Provided entries Start Marker

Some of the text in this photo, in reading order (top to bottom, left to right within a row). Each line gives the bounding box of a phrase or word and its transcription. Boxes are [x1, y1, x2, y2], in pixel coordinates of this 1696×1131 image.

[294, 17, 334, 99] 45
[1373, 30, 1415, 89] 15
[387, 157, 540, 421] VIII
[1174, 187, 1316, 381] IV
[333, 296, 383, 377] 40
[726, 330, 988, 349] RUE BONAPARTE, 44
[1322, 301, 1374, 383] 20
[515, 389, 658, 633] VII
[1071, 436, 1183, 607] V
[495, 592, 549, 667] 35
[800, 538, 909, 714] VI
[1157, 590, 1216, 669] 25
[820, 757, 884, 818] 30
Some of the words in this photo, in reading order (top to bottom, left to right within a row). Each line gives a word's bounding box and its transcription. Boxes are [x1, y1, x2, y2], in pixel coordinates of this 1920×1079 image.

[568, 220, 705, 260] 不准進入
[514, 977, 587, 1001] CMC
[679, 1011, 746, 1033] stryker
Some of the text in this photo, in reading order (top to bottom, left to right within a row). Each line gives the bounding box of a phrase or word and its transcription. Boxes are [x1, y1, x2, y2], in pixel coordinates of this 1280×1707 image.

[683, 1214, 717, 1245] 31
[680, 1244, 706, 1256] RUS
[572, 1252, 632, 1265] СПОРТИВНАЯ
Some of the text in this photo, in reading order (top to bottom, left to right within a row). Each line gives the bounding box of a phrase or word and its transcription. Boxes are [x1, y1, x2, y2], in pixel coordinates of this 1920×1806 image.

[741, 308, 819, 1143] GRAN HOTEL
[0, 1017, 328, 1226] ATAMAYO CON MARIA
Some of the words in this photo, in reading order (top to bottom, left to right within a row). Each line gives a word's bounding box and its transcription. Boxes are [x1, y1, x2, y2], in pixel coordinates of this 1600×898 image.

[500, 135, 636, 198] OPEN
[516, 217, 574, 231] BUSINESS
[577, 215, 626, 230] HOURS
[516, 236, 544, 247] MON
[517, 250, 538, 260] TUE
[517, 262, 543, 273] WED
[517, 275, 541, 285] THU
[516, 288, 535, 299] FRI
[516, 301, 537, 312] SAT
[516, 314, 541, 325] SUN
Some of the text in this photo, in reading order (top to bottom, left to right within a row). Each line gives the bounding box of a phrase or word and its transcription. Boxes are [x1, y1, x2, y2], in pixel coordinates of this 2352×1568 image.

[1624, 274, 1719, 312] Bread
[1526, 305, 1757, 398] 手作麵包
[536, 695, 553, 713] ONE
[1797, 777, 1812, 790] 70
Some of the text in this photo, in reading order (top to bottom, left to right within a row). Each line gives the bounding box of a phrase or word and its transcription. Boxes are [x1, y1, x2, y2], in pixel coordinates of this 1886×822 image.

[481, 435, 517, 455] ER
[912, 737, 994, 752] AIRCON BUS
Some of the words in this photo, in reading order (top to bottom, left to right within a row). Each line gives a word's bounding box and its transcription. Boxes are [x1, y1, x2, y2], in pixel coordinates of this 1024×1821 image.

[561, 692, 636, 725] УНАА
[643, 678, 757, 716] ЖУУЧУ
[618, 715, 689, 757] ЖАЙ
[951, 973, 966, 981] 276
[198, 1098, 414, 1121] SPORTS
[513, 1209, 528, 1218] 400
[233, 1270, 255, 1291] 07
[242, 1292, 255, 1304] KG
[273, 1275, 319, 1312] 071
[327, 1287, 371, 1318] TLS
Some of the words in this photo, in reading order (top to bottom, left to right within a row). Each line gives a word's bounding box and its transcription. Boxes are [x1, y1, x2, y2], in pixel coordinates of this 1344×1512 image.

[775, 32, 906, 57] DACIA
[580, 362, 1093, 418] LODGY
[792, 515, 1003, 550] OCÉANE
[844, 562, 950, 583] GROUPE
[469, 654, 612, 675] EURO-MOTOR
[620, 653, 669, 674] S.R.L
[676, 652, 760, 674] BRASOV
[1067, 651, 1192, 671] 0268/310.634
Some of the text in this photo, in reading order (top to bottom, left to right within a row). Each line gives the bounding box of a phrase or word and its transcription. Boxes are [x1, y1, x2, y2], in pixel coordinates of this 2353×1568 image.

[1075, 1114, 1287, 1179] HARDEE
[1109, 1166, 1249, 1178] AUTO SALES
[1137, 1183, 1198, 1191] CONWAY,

Provided entries End Marker

(Task details)
Take the entries above and return all of them exactly.

(Output of the task)
Some of the text in this photo, in reading order (top to bottom, left to right within a row). Each line gives the bounding box of a phrase or word and its transcription. Boxes are [x1, y1, x2, y2], in pixel coordinates of this 1696×1131 image.

[294, 17, 334, 99] 45
[1373, 30, 1415, 89] 15
[387, 157, 540, 421] VIII
[1174, 187, 1316, 381] IV
[333, 296, 383, 377] 40
[726, 330, 988, 349] RUE BONAPARTE, 44
[1322, 301, 1374, 383] 20
[515, 389, 658, 633] VII
[1071, 436, 1183, 607] V
[495, 592, 549, 667] 35
[800, 538, 909, 714] VI
[1157, 590, 1216, 669] 25
[820, 757, 884, 818] 30
Some of the words in this photo, in reading order (top to bottom, left to right within a row). Each line gives a word's bounding box and its transcription. Boxes are [x1, y1, x2, y2], in pixel coordinates of this 1920×1079 image.

[568, 220, 705, 260] 不准進入
[514, 977, 587, 1001] CMC
[679, 1011, 746, 1033] stryker
Some of the text in this photo, in reading order (top to bottom, left to right within a row). Each line gives the bounding box of a phrase or word and its transcription. Boxes are [x1, y1, x2, y2], in pixel coordinates of this 1280×1707 image.

[683, 1214, 717, 1245] 31
[680, 1244, 706, 1256] RUS
[572, 1252, 632, 1265] СПОРТИВНАЯ
Some of the text in this photo, in reading order (top to bottom, left to right within a row). Each line gives the bounding box of a phrase or word and its transcription. Boxes are [x1, y1, x2, y2], in pixel coordinates of this 1920×1806 image.

[741, 308, 819, 1143] GRAN HOTEL
[0, 1017, 328, 1226] ATAMAYO CON MARIA
Some of the words in this photo, in reading order (top to bottom, left to right within a row). Each line gives a word's bounding box and its transcription. Boxes are [x1, y1, x2, y2], in pixel coordinates of this 1600×898 image.

[500, 135, 636, 198] OPEN
[516, 217, 574, 231] BUSINESS
[577, 215, 626, 230] HOURS
[516, 236, 544, 247] MON
[517, 250, 538, 260] TUE
[517, 262, 543, 273] WED
[517, 275, 541, 285] THU
[516, 288, 535, 299] FRI
[516, 301, 537, 312] SAT
[516, 314, 541, 325] SUN
Some of the text in this photo, in reading order (top to bottom, left to right within a row). Each line gives the bounding box of a phrase or word and its transcription. Boxes are [x1, y1, x2, y2], in pixel coordinates of this 2352×1568 image.

[1624, 274, 1719, 312] Bread
[1526, 305, 1757, 398] 手作麵包
[536, 695, 553, 713] ONE
[1797, 777, 1812, 790] 70
Some of the text in this photo, in reading order (top to bottom, left to right within a row). Each line gives the bounding box of a phrase or word and its transcription. Boxes are [x1, y1, x2, y2], in pixel coordinates of this 1886×822 image.

[481, 435, 517, 455] ER
[912, 737, 994, 752] AIRCON BUS
Some of the words in this photo, in reading order (top to bottom, left to right within a row). Each line gives a word's bounding box and its transcription. Boxes are [x1, y1, x2, y2], in pixel coordinates of this 1024×1821 image.

[561, 692, 636, 725] УНАА
[643, 678, 757, 716] ЖУУЧУ
[618, 715, 689, 757] ЖАЙ
[951, 973, 966, 981] 276
[198, 1098, 414, 1121] SPORTS
[513, 1209, 528, 1218] 400
[233, 1270, 255, 1291] 07
[242, 1292, 255, 1304] KG
[273, 1275, 319, 1312] 071
[327, 1287, 371, 1318] TLS
Some of the words in this photo, in reading order (top to bottom, left to right within a row). Each line gives a word's bounding box and its transcription. Boxes are [x1, y1, x2, y2], in pixel coordinates of this 1344×1512 image.

[775, 32, 906, 57] DACIA
[580, 362, 1093, 418] LODGY
[792, 515, 1003, 550] OCÉANE
[844, 562, 950, 583] GROUPE
[469, 654, 612, 675] EURO-MOTOR
[620, 653, 669, 674] S.R.L
[676, 652, 760, 674] BRASOV
[1067, 651, 1192, 671] 0268/310.634
Some of the text in this photo, in reading order (top to bottom, left to right within a row). Each line gives the bounding box of a phrase or word and its transcription. Boxes are [x1, y1, x2, y2], in pixel coordinates of this 2353×1568 image.

[1075, 1114, 1287, 1179] HARDEE
[1109, 1166, 1249, 1178] AUTO SALES
[1137, 1183, 1198, 1191] CONWAY,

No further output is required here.